// 1004_Median.cpp : 定義控制檯應用程序的入口點。
//題目1004:Median
//時間限制:1 秒內存限制:32 兆特殊判題:否提交:18367解決:5087
//題目描述:
// Given an increasing sequence S of N integers, the median is the number at the middle position. For example, the median of S1={11, 12, 13, 14} is 12, and the median of S2={9, 10, 15, 16, 17} is 15. The median of two sequences is defined to be the median of the non-decreasing sequence which contains all the elements of both sequences.

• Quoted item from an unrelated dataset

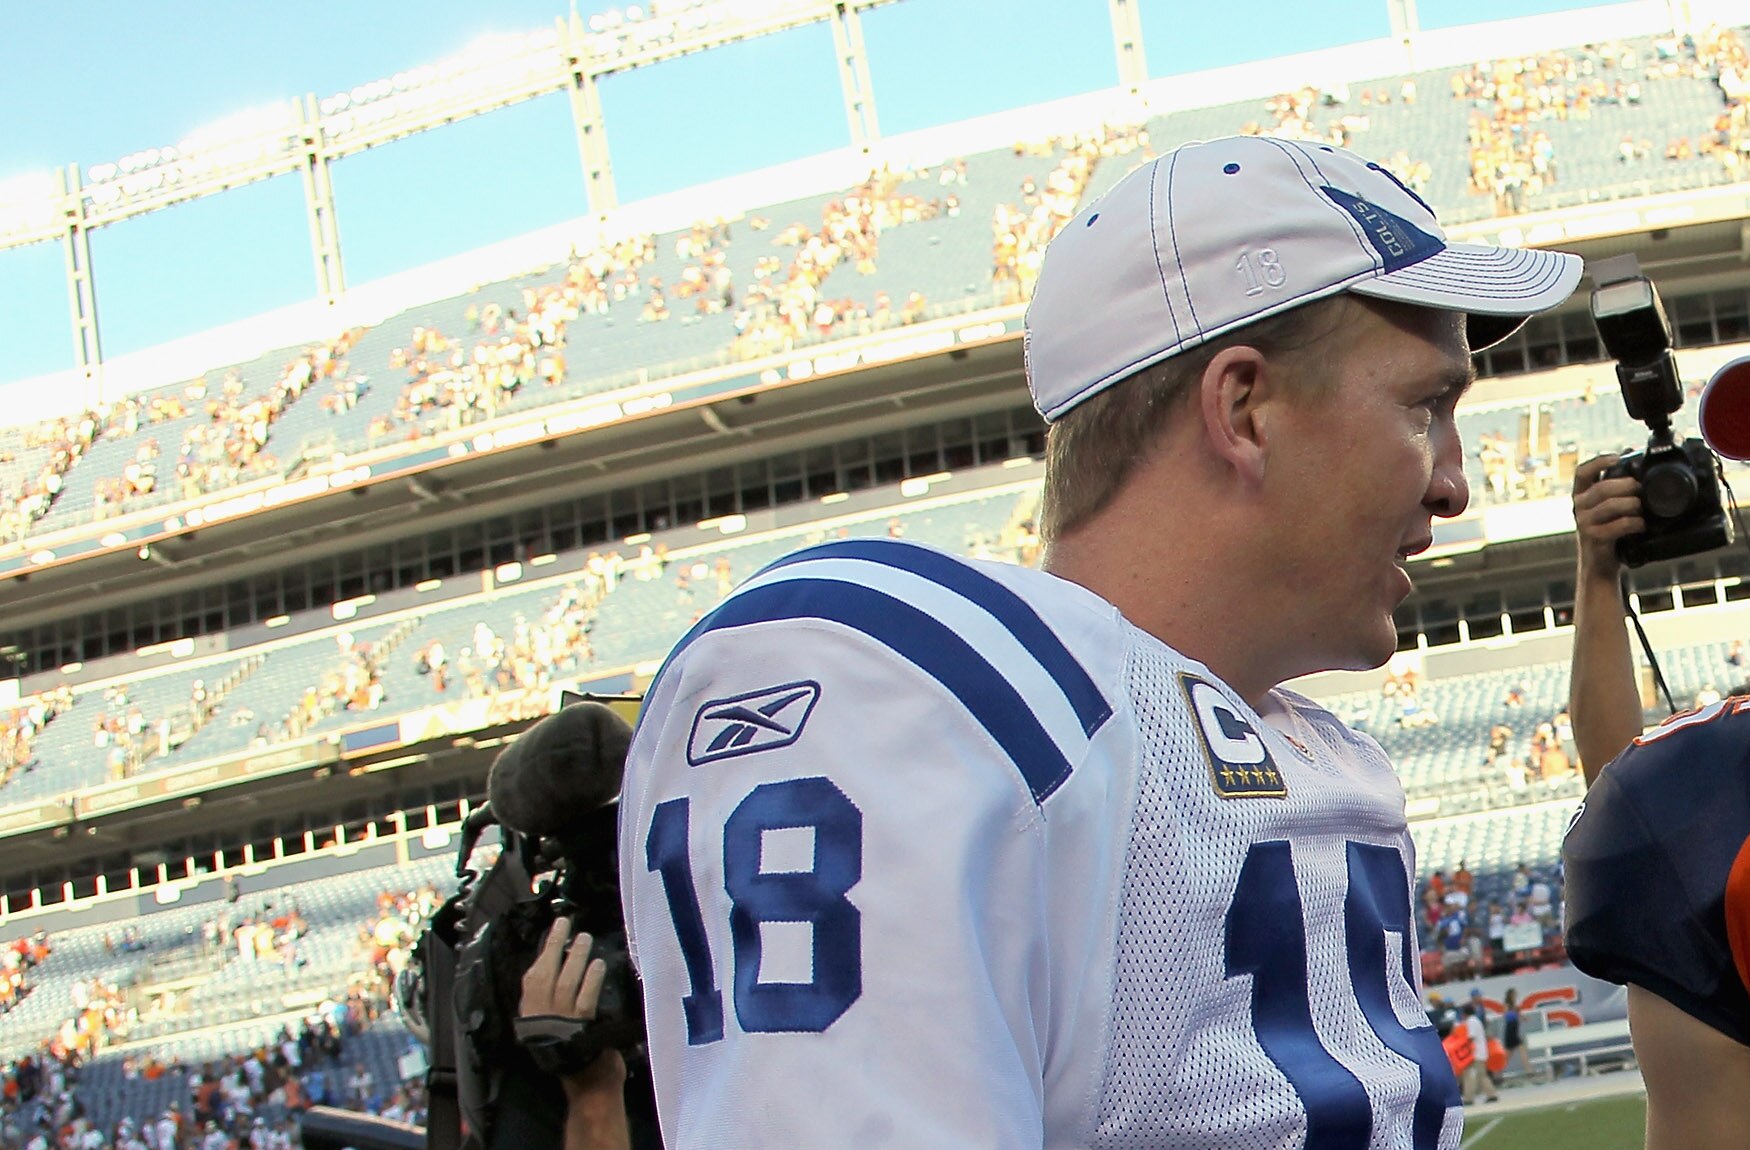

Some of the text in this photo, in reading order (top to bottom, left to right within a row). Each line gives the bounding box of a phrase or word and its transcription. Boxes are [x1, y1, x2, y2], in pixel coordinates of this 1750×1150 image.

[1352, 201, 1404, 257] COLTS
[1235, 248, 1287, 297] 18
[645, 775, 864, 1046] 18

For example, the median of S1 and S2 is 13.
// Given two increasing sequences of integers, you are asked to find their median.
//輸入:
// Each input file may contain more than one test case.
// Each case occupies 2 lines, each gives the information of a sequence. For each sequence, the first positive integer N (≤1000000) is the size of that sequence. Then N integers follow, separated by a space.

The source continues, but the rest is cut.